I heard one of these old Magnatone amps the other day and I like the true vibrato sooooooooo much more than tremolo. So I thought I'd try to do a solid state version of it but I'm an idiot - got nowhere with it and just wasted a lot of time. It sure would be cool to be able to get that sound in a little box though. I suppose the varistors could be approximated by an LED/LDR combo (if I could ever get the LFO to actually work) but I don't know if the circuit would even work the same with soon to be completely extinct FETs. Seems like this is one case where you actually have to use tubes because of their unique characteristics (and the secret spec varistors). Or am I once again wrong?

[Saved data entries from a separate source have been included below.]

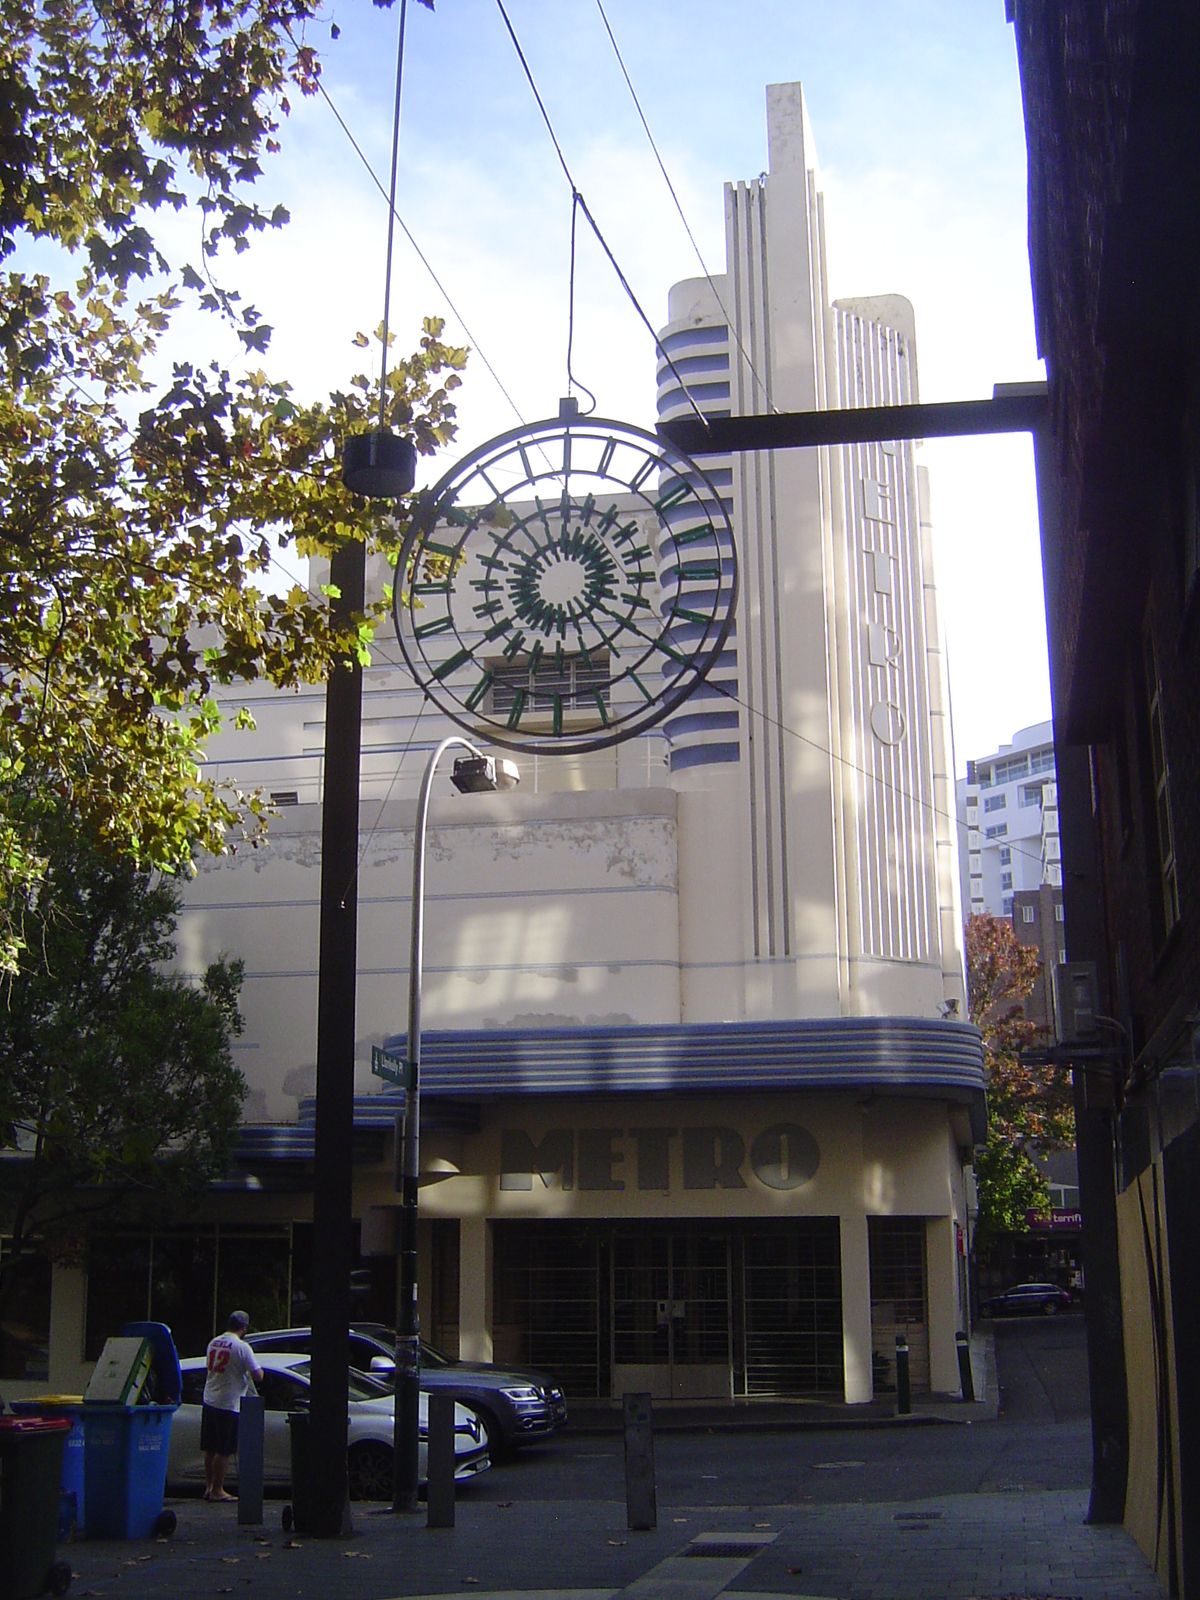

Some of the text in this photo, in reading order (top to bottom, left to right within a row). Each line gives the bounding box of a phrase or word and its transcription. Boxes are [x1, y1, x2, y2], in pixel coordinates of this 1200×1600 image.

[862, 440, 907, 746] ETRO
[500, 1122, 821, 1192] METRO
[1053, 1213, 1082, 1223] terrifi
[208, 1349, 230, 1373] 12
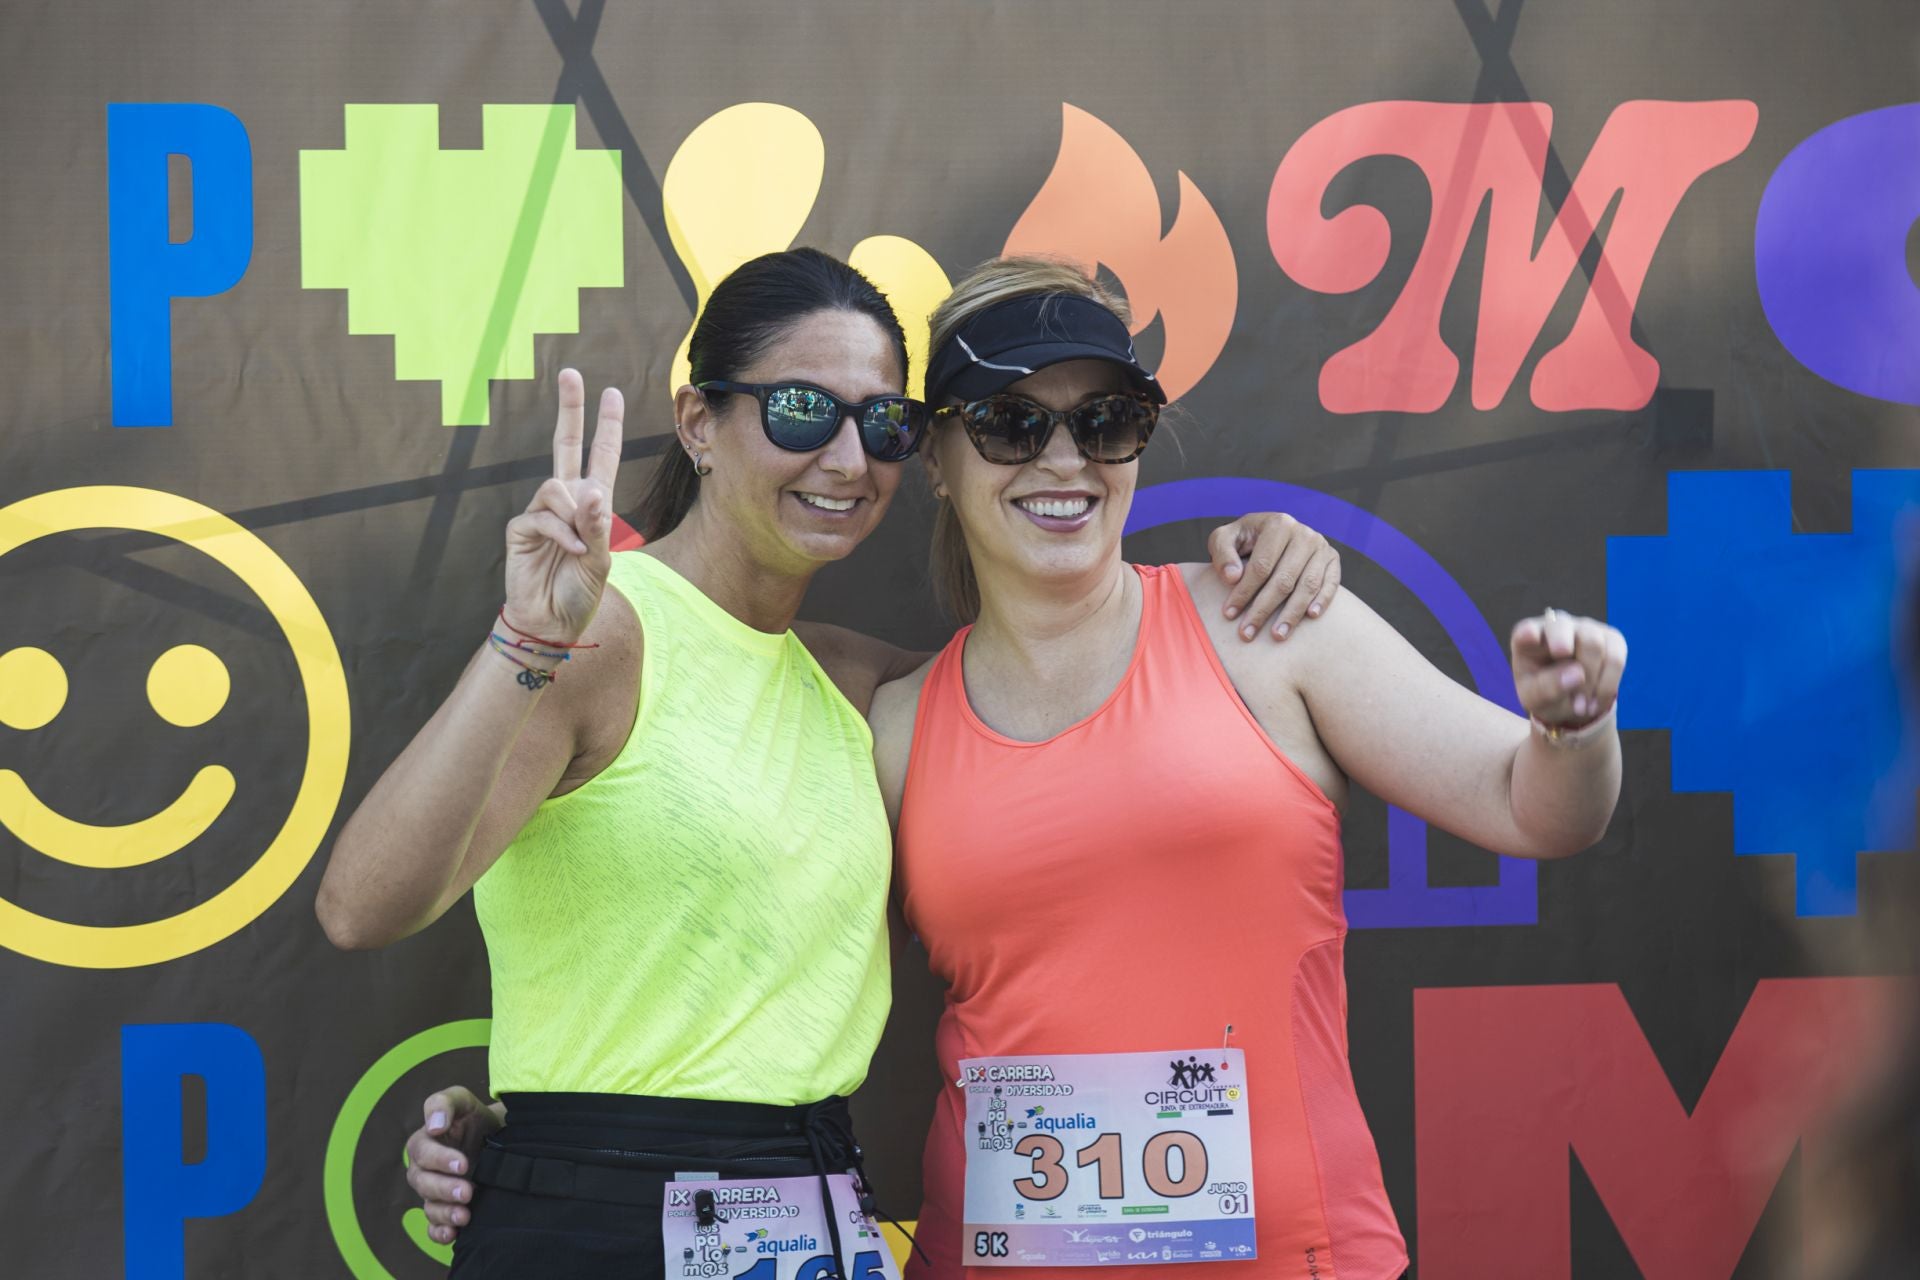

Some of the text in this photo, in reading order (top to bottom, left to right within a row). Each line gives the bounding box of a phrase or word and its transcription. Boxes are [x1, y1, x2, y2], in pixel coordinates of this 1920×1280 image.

[967, 1065, 1055, 1082] IX CARRERA
[1005, 1084, 1074, 1096] DIVERSIDAD
[1189, 1102, 1229, 1110] EXTREMADURA
[988, 1110, 1007, 1126] pa
[1034, 1113, 1096, 1133] aqualia
[992, 1121, 1009, 1136] lo
[980, 1136, 1013, 1151] m@s
[1013, 1130, 1208, 1201] 310
[1208, 1182, 1247, 1194] JUNIO
[669, 1189, 690, 1206] IX
[1218, 1194, 1249, 1215] 01
[716, 1206, 800, 1220] DIVERSIDAD
[694, 1234, 720, 1252] pa
[756, 1234, 817, 1256] aqualia
[975, 1231, 1009, 1257] 5K
[703, 1246, 722, 1262] lo
[683, 1262, 729, 1278] m@s

This seems to be in the same category as a Tube Driver starved plate sound using solid state devices, kinda not really do-able. I'd be happy to be wrong about all this... and please inform me if I am so I can feel normal again.

A sidebar: The way that the reversed transistor on the input of the Vox Repeater acts like a variable resistor, can something like that be done to approximate a varistor? That MPSA18 thread got me thinking about this whole thing again, which is why I started this new topic. I might be nuts (well I am) but I thought I'd ask these questions anyway.

R.G.

The Magnatone vibrato is done with two (IIRC) stages of all-pass phase shift implemented with tubes. Like all phasers, it generates the wobbling phase shift with all-pass filter stages, using the varistors as the variable resistors. Phasers first generated limited phase delay, then generate a notched semi-comb filter by adding the original signal so there is cancellation at frequencies where the shift is ultiples of 180 degrees.

That is, vibrato can be generated by not adding the dry signal to the phase delayed signal in what would otherwise be a phaser.

There's no magic in the varistors, as you figured out. They act like variable resistors. You can do this with LDRs easily enough.

The variable resistance can be FETs. Or even bipolar transistors or diodes, if you design within the limitations of whatever element is being used as a variable resistor.

The MPSA18 as a variable resistor in the Vox repeat percussion is a special case, or we would use reverwe-mode bipolars for all of our variable resistors. Reverse-mode bipolars have a very limited range of signal sizes for which their distortion is low enough. Diodes can act as variable resistors too - if you are willing to restrict the signal size across them to under 25mV or so to keep the distortion down.

A whole lot of pedal technology (other than distortions, of course) amounts to a search for and adaptations to some method of coming up with an electronically variable resistor.
R.G.

In response to the questions in the forum - PCB Layout for Musical Effects is available from The Book Patch. Search "PCB Layout" and it ought to appear.

Mark Hammer

I recently made myself a stereo unit, following the Magnavibe schematic, and I can not recommend it highly enough.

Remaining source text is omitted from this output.